### EXERCISE
Please reproduce the entries below exactly, leaving the pictures out.

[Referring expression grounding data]

= Beginning of Section =

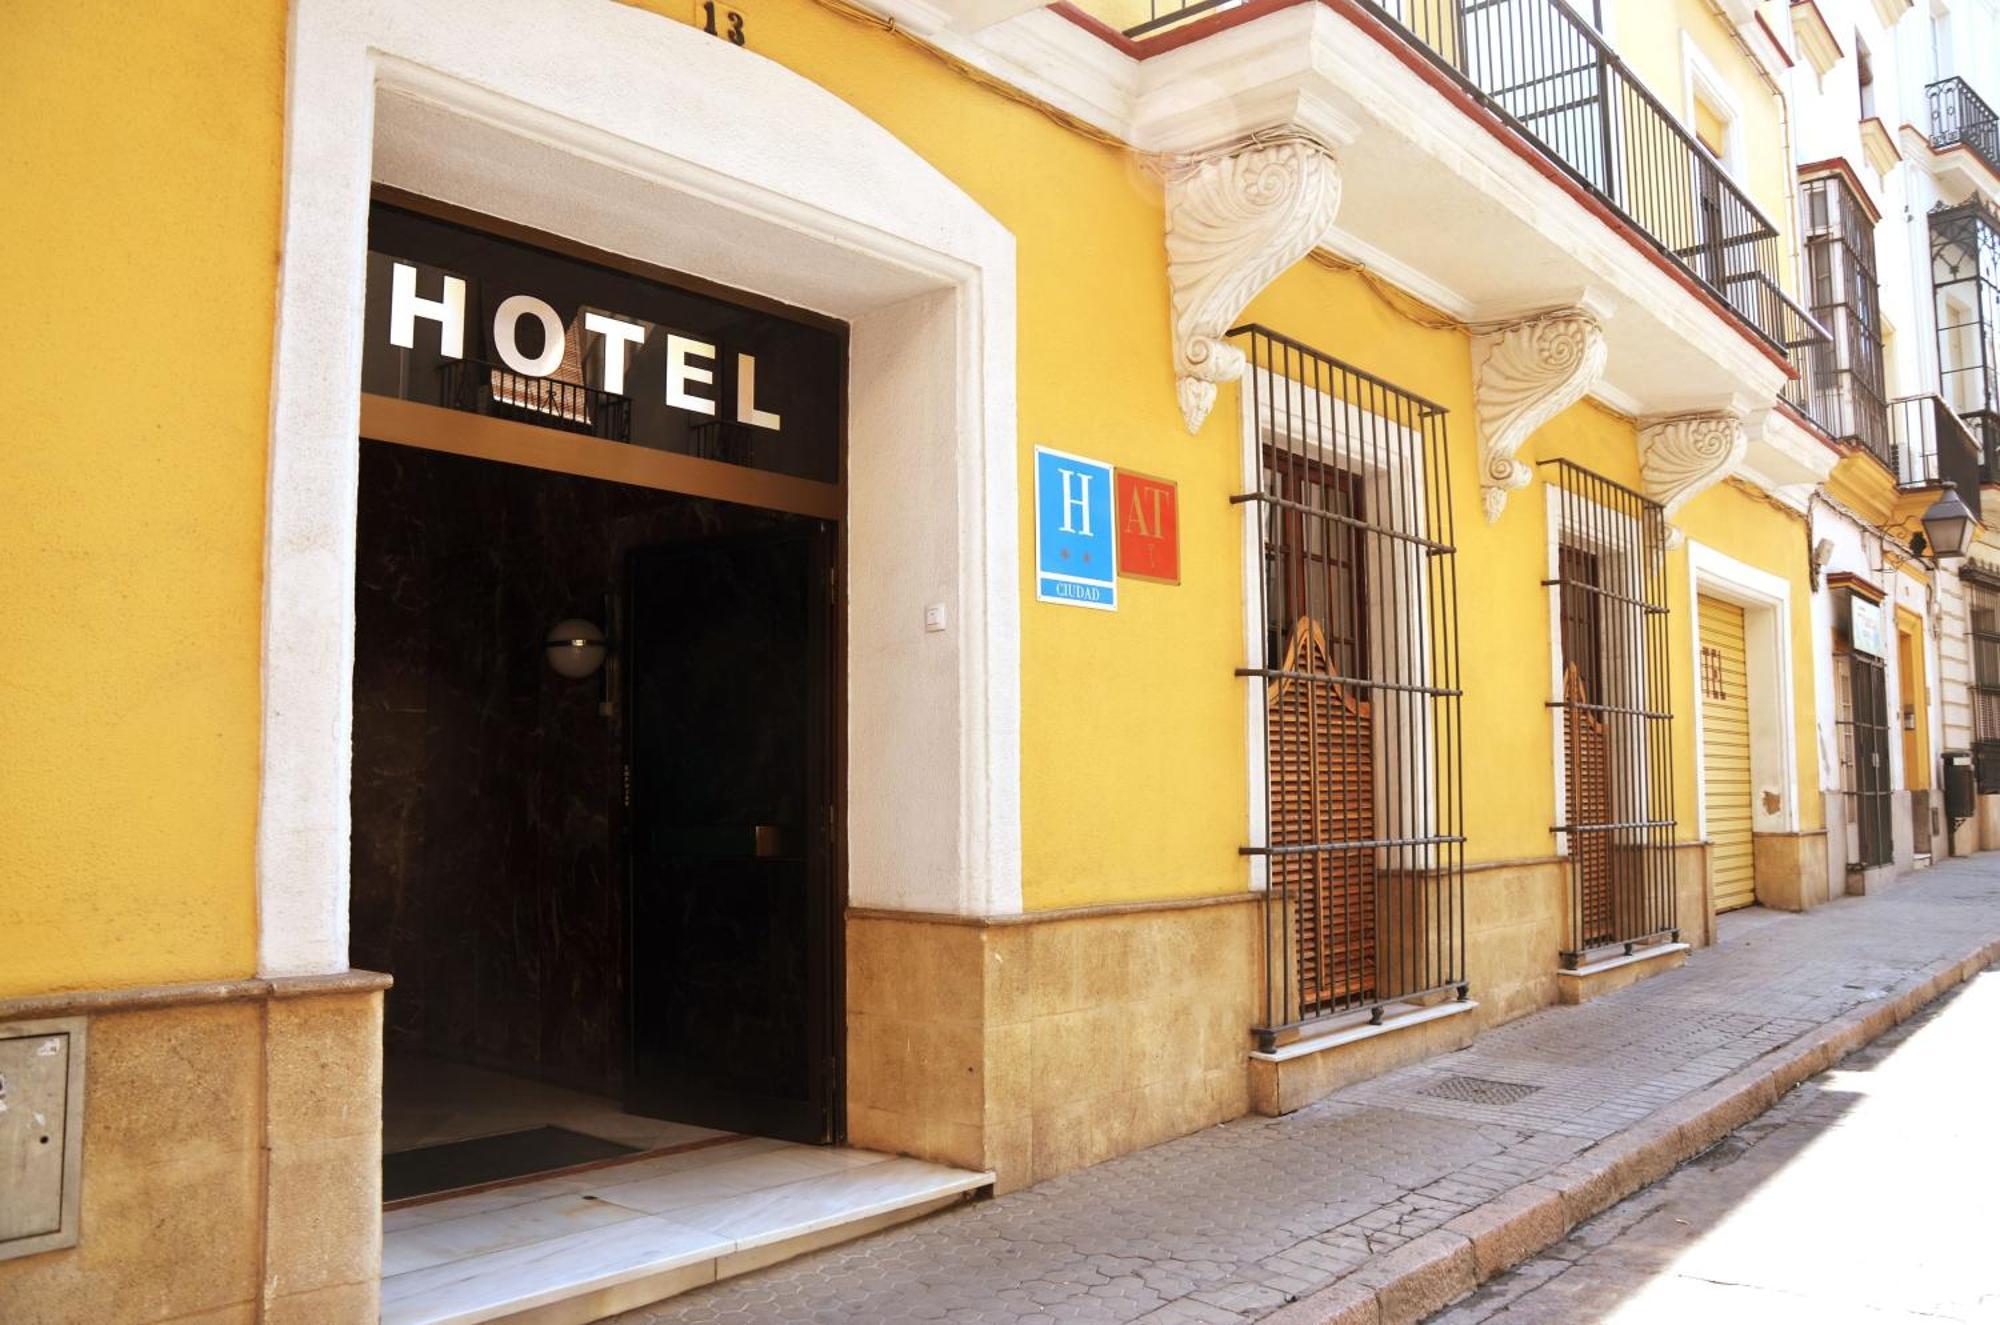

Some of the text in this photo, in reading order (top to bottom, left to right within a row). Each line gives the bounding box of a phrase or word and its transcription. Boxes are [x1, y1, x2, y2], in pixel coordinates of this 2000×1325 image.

[704, 1, 745, 46] 13
[389, 262, 781, 431] HOTEL
[1057, 468, 1094, 537] H
[1124, 485, 1170, 540] AT
[1056, 582, 1100, 601] CIUDAD

= End of Section =

### EXERCISE RESPONSE
Some of the text in this photo, in reading order (top to bottom, left to right within a row). Each line gives the bounding box of a phrase or word and its transcription. Boxes are [x1, y1, x2, y2], in pixel coordinates of this 2000×1325 image.

[704, 1, 745, 46] 13
[389, 262, 781, 431] HOTEL
[1057, 468, 1094, 537] H
[1124, 485, 1170, 540] AT
[1056, 582, 1100, 601] CIUDAD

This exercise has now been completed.